Five supplier archetypes

  1. The Vanishing Vendor — early engagement followed by disappearance between sample and PO.
  2. The Bandwidth Tax — eventually delivers, but costs excessive email threads along the way.
  3. The Silent Inviter — accepts RFPs without submitting quotes; the ~two-thirds pattern.
  4. The Weather Vane — inconsistent pricing with contractual camouflage language.
  5. The Reliable Voice — low ghosting, efficient quotes, stable pricing, proactive problem-flagging. Under 5% of suppliers.

Why ERPs can’t see any of this

Email was always the system of record. LLMs finally made it readable.

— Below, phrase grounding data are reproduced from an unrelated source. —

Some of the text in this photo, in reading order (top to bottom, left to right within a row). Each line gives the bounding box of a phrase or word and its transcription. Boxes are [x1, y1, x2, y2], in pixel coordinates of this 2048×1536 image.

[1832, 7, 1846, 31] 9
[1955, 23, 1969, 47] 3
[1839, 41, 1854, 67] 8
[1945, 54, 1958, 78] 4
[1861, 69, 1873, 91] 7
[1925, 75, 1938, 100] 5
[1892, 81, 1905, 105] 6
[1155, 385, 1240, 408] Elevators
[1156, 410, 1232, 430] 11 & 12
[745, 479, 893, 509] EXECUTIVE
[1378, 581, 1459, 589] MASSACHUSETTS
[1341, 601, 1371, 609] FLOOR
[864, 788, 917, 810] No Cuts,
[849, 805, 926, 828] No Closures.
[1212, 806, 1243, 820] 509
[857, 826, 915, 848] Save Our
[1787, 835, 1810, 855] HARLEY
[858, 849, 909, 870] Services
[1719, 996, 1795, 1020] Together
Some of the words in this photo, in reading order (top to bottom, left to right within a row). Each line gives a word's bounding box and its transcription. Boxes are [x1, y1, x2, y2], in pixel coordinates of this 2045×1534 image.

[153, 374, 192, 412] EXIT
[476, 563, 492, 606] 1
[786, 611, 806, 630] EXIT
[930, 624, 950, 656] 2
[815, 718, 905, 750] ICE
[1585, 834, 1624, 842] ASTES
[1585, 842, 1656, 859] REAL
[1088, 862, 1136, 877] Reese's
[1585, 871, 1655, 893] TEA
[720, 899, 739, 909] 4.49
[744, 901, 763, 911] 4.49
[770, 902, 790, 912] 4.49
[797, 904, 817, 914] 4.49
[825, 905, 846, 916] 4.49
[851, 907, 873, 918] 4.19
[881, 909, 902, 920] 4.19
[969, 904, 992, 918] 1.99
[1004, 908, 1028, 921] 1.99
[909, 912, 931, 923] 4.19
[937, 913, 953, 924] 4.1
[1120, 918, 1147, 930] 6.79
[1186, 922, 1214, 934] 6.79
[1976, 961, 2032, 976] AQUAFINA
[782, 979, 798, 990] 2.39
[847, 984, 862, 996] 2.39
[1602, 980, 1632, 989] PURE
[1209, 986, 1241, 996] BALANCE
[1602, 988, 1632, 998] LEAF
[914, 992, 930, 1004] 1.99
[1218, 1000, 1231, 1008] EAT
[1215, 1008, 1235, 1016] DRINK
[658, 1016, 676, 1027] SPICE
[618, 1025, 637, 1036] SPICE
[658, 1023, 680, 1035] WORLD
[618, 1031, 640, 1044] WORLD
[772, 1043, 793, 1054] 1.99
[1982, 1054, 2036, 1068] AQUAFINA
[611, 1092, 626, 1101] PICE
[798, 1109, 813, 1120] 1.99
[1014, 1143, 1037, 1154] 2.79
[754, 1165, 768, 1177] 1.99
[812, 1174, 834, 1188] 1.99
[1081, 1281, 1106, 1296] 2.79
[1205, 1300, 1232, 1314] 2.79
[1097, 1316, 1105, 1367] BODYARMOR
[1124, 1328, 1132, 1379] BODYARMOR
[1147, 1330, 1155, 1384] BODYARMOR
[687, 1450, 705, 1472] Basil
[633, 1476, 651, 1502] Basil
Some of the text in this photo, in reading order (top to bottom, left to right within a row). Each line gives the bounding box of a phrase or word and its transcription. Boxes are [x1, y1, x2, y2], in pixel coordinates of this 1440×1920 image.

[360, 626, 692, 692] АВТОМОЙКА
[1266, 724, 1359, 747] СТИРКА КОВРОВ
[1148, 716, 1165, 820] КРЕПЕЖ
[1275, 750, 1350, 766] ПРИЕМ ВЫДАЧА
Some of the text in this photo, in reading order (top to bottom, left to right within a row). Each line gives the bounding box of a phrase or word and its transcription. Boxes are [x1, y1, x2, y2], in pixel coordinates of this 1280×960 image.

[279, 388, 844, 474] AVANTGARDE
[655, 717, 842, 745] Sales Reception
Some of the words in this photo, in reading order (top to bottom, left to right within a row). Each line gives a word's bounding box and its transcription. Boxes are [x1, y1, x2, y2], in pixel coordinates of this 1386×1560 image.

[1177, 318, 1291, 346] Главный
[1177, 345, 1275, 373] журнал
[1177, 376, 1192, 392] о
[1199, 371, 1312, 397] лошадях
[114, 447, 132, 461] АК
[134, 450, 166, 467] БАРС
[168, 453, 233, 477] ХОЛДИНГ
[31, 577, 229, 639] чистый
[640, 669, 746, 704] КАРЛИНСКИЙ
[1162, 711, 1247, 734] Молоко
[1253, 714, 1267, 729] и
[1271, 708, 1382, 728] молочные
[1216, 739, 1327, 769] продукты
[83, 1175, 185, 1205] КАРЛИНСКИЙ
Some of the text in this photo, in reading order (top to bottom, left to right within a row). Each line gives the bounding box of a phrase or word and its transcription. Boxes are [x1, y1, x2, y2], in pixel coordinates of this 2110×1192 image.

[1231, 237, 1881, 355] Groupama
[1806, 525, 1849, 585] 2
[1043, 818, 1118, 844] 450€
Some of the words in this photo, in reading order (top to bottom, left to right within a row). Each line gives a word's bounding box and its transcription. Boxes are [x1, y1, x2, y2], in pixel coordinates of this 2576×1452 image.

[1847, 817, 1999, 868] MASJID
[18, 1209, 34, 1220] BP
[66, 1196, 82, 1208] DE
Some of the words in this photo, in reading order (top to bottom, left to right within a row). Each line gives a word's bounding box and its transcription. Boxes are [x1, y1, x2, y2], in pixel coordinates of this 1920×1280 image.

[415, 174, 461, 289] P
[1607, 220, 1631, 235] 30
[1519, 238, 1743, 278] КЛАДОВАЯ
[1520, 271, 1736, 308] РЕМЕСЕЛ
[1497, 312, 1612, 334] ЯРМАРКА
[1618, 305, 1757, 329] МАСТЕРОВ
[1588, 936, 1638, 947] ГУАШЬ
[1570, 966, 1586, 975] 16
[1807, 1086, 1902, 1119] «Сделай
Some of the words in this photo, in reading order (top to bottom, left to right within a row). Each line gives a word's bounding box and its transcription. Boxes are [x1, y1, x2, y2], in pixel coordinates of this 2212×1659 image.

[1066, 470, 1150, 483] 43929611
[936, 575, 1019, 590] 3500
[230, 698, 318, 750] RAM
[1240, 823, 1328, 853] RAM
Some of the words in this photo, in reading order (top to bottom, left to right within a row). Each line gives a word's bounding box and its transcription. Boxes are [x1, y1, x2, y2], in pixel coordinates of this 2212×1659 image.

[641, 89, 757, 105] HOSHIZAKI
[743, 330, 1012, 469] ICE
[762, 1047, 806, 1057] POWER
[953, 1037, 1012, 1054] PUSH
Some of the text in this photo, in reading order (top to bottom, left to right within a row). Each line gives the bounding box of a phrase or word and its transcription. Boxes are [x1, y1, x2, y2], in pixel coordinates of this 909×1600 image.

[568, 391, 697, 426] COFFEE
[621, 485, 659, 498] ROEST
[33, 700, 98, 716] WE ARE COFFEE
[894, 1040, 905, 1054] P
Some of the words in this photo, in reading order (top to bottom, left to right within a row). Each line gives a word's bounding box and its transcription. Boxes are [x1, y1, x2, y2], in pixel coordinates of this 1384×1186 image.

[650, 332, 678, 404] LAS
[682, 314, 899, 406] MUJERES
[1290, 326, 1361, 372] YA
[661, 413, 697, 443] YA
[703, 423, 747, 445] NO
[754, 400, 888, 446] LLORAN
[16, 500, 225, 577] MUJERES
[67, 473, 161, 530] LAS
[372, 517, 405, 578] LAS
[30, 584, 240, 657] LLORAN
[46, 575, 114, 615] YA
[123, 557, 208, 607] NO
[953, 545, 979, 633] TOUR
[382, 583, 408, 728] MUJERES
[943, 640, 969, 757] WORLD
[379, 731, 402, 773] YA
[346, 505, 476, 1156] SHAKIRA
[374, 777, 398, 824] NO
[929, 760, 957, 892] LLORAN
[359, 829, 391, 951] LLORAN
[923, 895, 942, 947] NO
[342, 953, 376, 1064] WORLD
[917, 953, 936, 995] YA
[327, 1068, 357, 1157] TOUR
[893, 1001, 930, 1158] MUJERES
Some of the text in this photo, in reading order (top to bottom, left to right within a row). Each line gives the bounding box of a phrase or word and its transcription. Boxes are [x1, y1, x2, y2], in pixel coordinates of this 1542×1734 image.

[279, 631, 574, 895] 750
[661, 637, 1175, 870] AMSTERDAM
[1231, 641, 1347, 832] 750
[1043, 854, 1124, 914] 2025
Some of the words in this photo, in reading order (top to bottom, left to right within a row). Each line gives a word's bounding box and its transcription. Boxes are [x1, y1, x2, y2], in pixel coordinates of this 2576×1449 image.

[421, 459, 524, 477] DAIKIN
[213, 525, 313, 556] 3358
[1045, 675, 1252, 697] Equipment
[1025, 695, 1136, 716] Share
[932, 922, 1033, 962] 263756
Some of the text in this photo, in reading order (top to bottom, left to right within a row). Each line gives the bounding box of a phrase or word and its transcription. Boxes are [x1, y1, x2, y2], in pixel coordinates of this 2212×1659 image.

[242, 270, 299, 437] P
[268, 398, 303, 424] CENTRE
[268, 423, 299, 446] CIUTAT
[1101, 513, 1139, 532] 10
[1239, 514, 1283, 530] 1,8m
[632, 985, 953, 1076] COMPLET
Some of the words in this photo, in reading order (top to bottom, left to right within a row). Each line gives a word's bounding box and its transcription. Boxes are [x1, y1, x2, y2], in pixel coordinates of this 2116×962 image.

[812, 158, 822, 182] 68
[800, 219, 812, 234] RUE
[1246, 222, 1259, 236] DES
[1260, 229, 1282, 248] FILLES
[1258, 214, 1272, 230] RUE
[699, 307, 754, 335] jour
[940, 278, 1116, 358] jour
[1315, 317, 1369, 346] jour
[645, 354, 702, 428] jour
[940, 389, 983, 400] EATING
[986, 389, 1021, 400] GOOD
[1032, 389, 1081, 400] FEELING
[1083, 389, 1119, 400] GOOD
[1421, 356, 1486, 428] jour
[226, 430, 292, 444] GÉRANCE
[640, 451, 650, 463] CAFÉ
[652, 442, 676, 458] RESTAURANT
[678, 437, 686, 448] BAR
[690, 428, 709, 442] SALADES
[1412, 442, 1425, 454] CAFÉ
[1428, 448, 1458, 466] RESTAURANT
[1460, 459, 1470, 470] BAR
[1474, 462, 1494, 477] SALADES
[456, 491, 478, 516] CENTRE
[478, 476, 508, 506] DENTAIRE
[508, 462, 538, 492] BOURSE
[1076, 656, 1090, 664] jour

Traditional ERP systems capture trailing indicators — OTIF, quality defects, aging receivables. Email contains leading indicators of supplier reliability: how often they reply, how many rounds a bid takes, whether they proactively flag stock-outs, how their pricing moves quote-over-quote.

Until recently, structuring this data at scale wasn’t possible. It is now.

What to do with this benchmark

Rank your supplier list by ghost rate first. Then by bandwidth tax. The lists rarely match the supplier list you’d build from ERP data alone — and that mismatch is where the risk you haven’t measured lives.

Source: Waystation AI analysis of 52,407 buyer-supplier communications at 12 mid-market food, beverage, supplement, and pet food companies ($50M–$500M revenue range), Q4 2025–Q1 2026. The full dataset is published at waystationai.com.